## [The problem]
Return each record shown below exactly, with none omitted.

## [Extracted entries]
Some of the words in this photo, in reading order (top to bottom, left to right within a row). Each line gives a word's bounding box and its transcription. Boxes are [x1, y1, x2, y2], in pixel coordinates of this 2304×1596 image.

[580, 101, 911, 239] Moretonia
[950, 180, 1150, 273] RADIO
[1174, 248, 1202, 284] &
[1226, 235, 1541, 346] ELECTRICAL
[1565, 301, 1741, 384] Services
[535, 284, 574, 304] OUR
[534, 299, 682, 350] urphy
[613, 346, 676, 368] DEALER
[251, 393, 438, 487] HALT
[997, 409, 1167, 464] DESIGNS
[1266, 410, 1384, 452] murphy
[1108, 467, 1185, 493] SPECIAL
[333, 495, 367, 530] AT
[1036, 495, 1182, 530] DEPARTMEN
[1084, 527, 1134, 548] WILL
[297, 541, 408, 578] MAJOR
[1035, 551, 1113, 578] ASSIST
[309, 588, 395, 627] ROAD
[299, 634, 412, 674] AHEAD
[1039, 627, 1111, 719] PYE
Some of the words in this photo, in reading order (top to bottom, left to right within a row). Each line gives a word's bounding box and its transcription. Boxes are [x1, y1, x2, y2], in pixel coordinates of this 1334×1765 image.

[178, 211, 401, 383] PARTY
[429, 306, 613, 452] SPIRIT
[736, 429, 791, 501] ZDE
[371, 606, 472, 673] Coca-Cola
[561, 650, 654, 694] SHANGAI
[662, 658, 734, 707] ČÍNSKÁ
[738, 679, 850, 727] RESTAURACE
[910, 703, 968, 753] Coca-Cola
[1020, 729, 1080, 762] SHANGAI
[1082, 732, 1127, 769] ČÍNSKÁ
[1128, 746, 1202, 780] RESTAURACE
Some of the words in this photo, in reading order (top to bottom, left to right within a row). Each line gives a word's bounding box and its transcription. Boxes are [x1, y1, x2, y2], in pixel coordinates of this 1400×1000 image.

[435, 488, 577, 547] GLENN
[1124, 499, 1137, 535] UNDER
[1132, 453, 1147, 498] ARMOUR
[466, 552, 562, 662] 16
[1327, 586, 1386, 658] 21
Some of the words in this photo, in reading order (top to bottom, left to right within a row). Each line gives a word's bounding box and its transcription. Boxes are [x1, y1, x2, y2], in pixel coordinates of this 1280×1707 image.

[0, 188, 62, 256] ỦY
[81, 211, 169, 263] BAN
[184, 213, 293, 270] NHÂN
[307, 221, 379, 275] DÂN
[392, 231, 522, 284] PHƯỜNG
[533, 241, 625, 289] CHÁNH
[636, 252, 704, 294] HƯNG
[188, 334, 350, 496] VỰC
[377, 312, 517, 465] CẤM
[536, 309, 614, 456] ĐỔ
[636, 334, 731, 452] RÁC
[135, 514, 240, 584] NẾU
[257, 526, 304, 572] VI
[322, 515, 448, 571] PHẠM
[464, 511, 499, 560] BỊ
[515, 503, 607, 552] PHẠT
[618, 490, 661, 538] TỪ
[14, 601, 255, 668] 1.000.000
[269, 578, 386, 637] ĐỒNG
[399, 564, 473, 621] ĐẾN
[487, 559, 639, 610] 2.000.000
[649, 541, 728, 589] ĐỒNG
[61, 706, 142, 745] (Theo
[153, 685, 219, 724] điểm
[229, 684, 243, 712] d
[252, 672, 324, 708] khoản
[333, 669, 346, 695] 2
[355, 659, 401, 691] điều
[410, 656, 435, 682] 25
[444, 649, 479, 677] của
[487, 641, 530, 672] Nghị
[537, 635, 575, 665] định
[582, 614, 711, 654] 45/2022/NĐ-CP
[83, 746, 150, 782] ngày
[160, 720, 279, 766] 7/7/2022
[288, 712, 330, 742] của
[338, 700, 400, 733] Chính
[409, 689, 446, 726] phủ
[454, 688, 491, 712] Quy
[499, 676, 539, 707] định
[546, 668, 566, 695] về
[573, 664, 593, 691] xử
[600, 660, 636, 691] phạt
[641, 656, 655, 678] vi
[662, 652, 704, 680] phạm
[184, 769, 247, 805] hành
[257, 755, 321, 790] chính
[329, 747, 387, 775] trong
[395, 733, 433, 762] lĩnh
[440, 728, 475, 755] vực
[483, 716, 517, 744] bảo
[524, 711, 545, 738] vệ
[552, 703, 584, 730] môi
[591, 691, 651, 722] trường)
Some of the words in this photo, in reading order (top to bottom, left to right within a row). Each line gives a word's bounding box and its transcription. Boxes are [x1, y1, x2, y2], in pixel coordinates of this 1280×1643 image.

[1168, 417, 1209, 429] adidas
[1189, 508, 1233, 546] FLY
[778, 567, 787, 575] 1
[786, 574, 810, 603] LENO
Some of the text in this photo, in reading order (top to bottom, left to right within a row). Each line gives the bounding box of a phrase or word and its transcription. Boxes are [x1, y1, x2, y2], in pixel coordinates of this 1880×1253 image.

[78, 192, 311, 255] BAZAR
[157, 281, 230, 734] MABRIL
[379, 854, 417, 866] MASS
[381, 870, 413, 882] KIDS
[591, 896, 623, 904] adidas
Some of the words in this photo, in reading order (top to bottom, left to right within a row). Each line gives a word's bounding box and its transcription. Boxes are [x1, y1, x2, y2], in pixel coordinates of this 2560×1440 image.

## [Result of the task]
Some of the words in this photo, in reading order (top to bottom, left to right within a row). Each line gives a word's bounding box and its transcription. Boxes are [x1, y1, x2, y2], in pixel coordinates of this 2304×1596 image.

[580, 101, 911, 239] Moretonia
[950, 180, 1150, 273] RADIO
[1174, 248, 1202, 284] &
[1226, 235, 1541, 346] ELECTRICAL
[1565, 301, 1741, 384] Services
[535, 284, 574, 304] OUR
[534, 299, 682, 350] urphy
[613, 346, 676, 368] DEALER
[251, 393, 438, 487] HALT
[997, 409, 1167, 464] DESIGNS
[1266, 410, 1384, 452] murphy
[1108, 467, 1185, 493] SPECIAL
[333, 495, 367, 530] AT
[1036, 495, 1182, 530] DEPARTMEN
[1084, 527, 1134, 548] WILL
[297, 541, 408, 578] MAJOR
[1035, 551, 1113, 578] ASSIST
[309, 588, 395, 627] ROAD
[299, 634, 412, 674] AHEAD
[1039, 627, 1111, 719] PYE
Some of the words in this photo, in reading order (top to bottom, left to right within a row). Each line gives a word's bounding box and its transcription. Boxes are [x1, y1, x2, y2], in pixel coordinates of this 1334×1765 image.

[178, 211, 401, 383] PARTY
[429, 306, 613, 452] SPIRIT
[736, 429, 791, 501] ZDE
[371, 606, 472, 673] Coca-Cola
[561, 650, 654, 694] SHANGAI
[662, 658, 734, 707] ČÍNSKÁ
[738, 679, 850, 727] RESTAURACE
[910, 703, 968, 753] Coca-Cola
[1020, 729, 1080, 762] SHANGAI
[1082, 732, 1127, 769] ČÍNSKÁ
[1128, 746, 1202, 780] RESTAURACE
Some of the words in this photo, in reading order (top to bottom, left to right within a row). Each line gives a word's bounding box and its transcription. Boxes are [x1, y1, x2, y2], in pixel coordinates of this 1400×1000 image.

[435, 488, 577, 547] GLENN
[1124, 499, 1137, 535] UNDER
[1132, 453, 1147, 498] ARMOUR
[466, 552, 562, 662] 16
[1327, 586, 1386, 658] 21
Some of the words in this photo, in reading order (top to bottom, left to right within a row). Each line gives a word's bounding box and its transcription. Boxes are [x1, y1, x2, y2], in pixel coordinates of this 1280×1707 image.

[0, 188, 62, 256] ỦY
[81, 211, 169, 263] BAN
[184, 213, 293, 270] NHÂN
[307, 221, 379, 275] DÂN
[392, 231, 522, 284] PHƯỜNG
[533, 241, 625, 289] CHÁNH
[636, 252, 704, 294] HƯNG
[188, 334, 350, 496] VỰC
[377, 312, 517, 465] CẤM
[536, 309, 614, 456] ĐỔ
[636, 334, 731, 452] RÁC
[135, 514, 240, 584] NẾU
[257, 526, 304, 572] VI
[322, 515, 448, 571] PHẠM
[464, 511, 499, 560] BỊ
[515, 503, 607, 552] PHẠT
[618, 490, 661, 538] TỪ
[14, 601, 255, 668] 1.000.000
[269, 578, 386, 637] ĐỒNG
[399, 564, 473, 621] ĐẾN
[487, 559, 639, 610] 2.000.000
[649, 541, 728, 589] ĐỒNG
[61, 706, 142, 745] (Theo
[153, 685, 219, 724] điểm
[229, 684, 243, 712] d
[252, 672, 324, 708] khoản
[333, 669, 346, 695] 2
[355, 659, 401, 691] điều
[410, 656, 435, 682] 25
[444, 649, 479, 677] của
[487, 641, 530, 672] Nghị
[537, 635, 575, 665] định
[582, 614, 711, 654] 45/2022/NĐ-CP
[83, 746, 150, 782] ngày
[160, 720, 279, 766] 7/7/2022
[288, 712, 330, 742] của
[338, 700, 400, 733] Chính
[409, 689, 446, 726] phủ
[454, 688, 491, 712] Quy
[499, 676, 539, 707] định
[546, 668, 566, 695] về
[573, 664, 593, 691] xử
[600, 660, 636, 691] phạt
[641, 656, 655, 678] vi
[662, 652, 704, 680] phạm
[184, 769, 247, 805] hành
[257, 755, 321, 790] chính
[329, 747, 387, 775] trong
[395, 733, 433, 762] lĩnh
[440, 728, 475, 755] vực
[483, 716, 517, 744] bảo
[524, 711, 545, 738] vệ
[552, 703, 584, 730] môi
[591, 691, 651, 722] trường)
Some of the words in this photo, in reading order (top to bottom, left to right within a row). Each line gives a word's bounding box and its transcription. Boxes are [x1, y1, x2, y2], in pixel coordinates of this 1280×1643 image.

[1168, 417, 1209, 429] adidas
[1189, 508, 1233, 546] FLY
[778, 567, 787, 575] 1
[786, 574, 810, 603] LENO
Some of the text in this photo, in reading order (top to bottom, left to right within a row). Each line gives the bounding box of a phrase or word and its transcription. Boxes are [x1, y1, x2, y2], in pixel coordinates of this 1880×1253 image.

[78, 192, 311, 255] BAZAR
[157, 281, 230, 734] MABRIL
[379, 854, 417, 866] MASS
[381, 870, 413, 882] KIDS
[591, 896, 623, 904] adidas
Some of the words in this photo, in reading order (top to bottom, left to right within a row). Each line gives a word's bounding box and its transcription. Boxes are [x1, y1, x2, y2], in pixel coordinates of this 2560×1440 image.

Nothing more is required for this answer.